### WORK REQUIRED
Produce an exact transcription of the data, with the images left out.

### RECORDED DATA
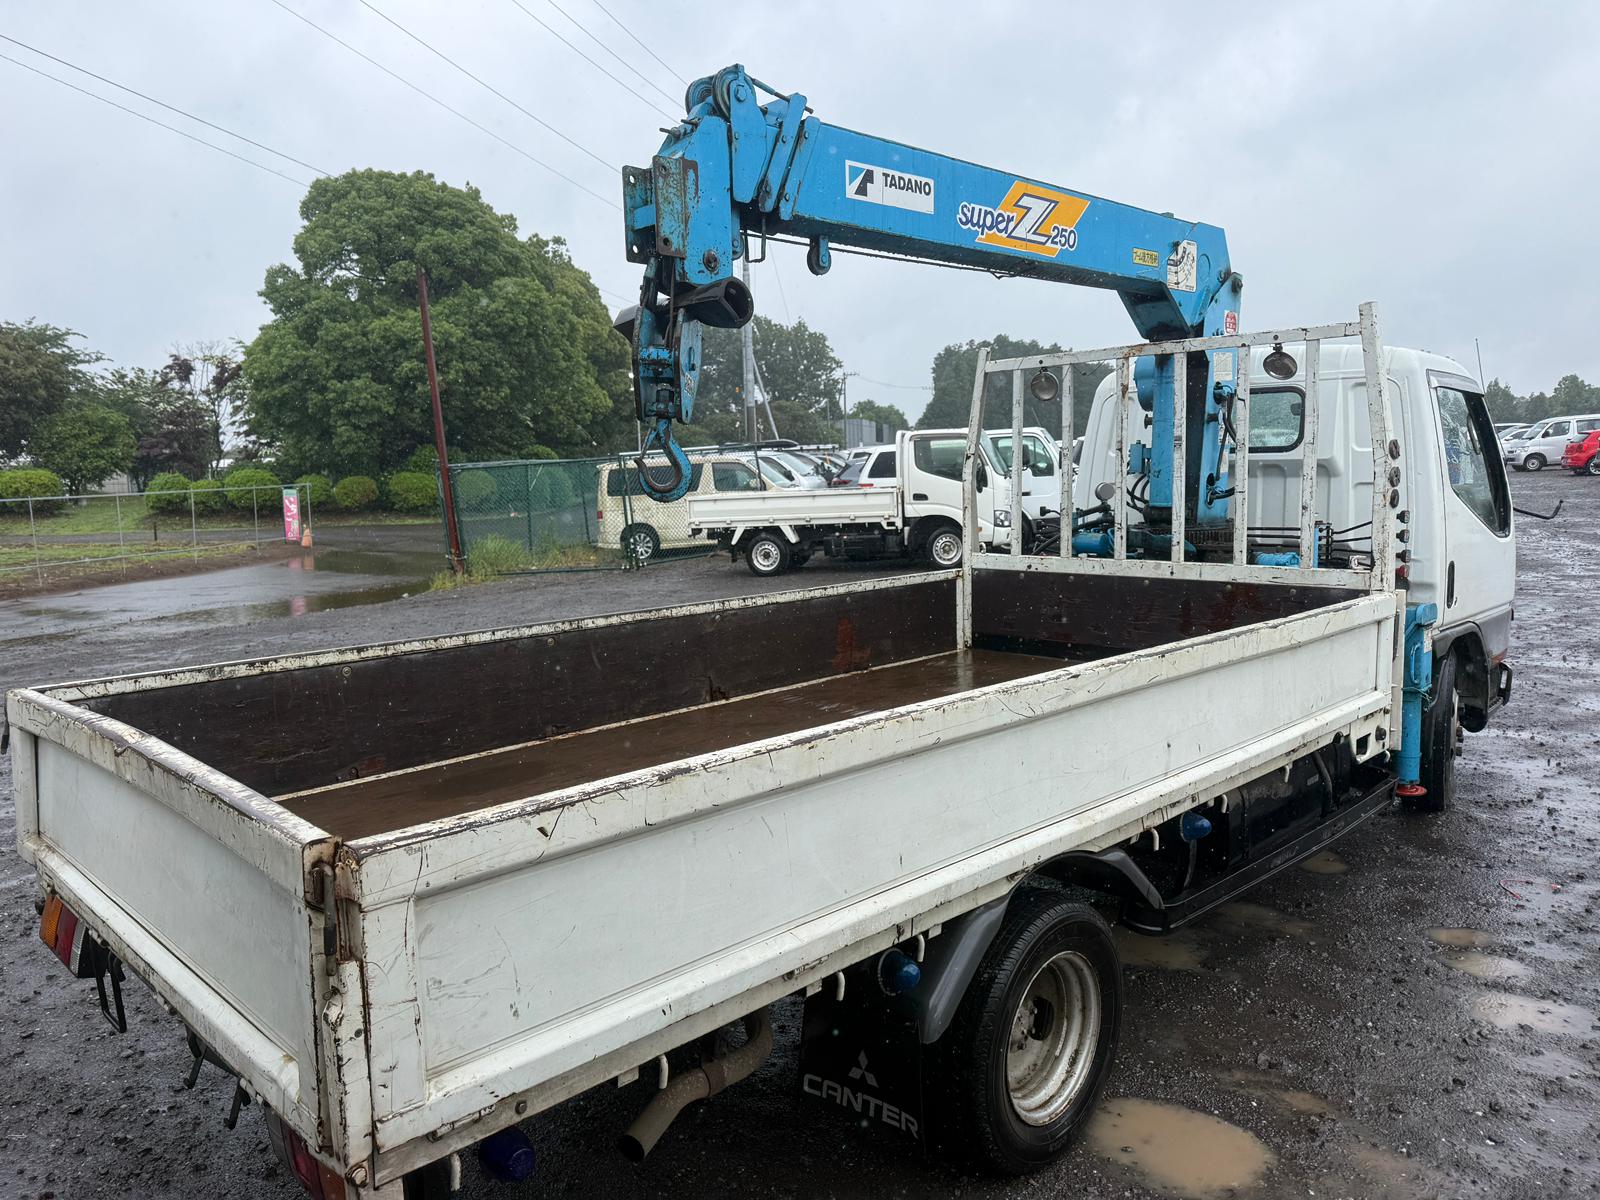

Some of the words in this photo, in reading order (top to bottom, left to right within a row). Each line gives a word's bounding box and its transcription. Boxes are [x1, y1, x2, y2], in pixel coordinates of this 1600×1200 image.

[882, 172, 932, 197] TADANO
[958, 203, 1015, 236] super
[1050, 225, 1077, 250] 250
[803, 1073, 919, 1140] CANTER

### RESULT OF THIS TASK
Some of the words in this photo, in reading order (top to bottom, left to right within a row). Each line gives a word's bounding box and its transcription. Boxes are [x1, y1, x2, y2], in pixel coordinates of this 1600×1200 image.

[882, 172, 932, 197] TADANO
[958, 203, 1015, 236] super
[1050, 225, 1077, 250] 250
[803, 1073, 919, 1140] CANTER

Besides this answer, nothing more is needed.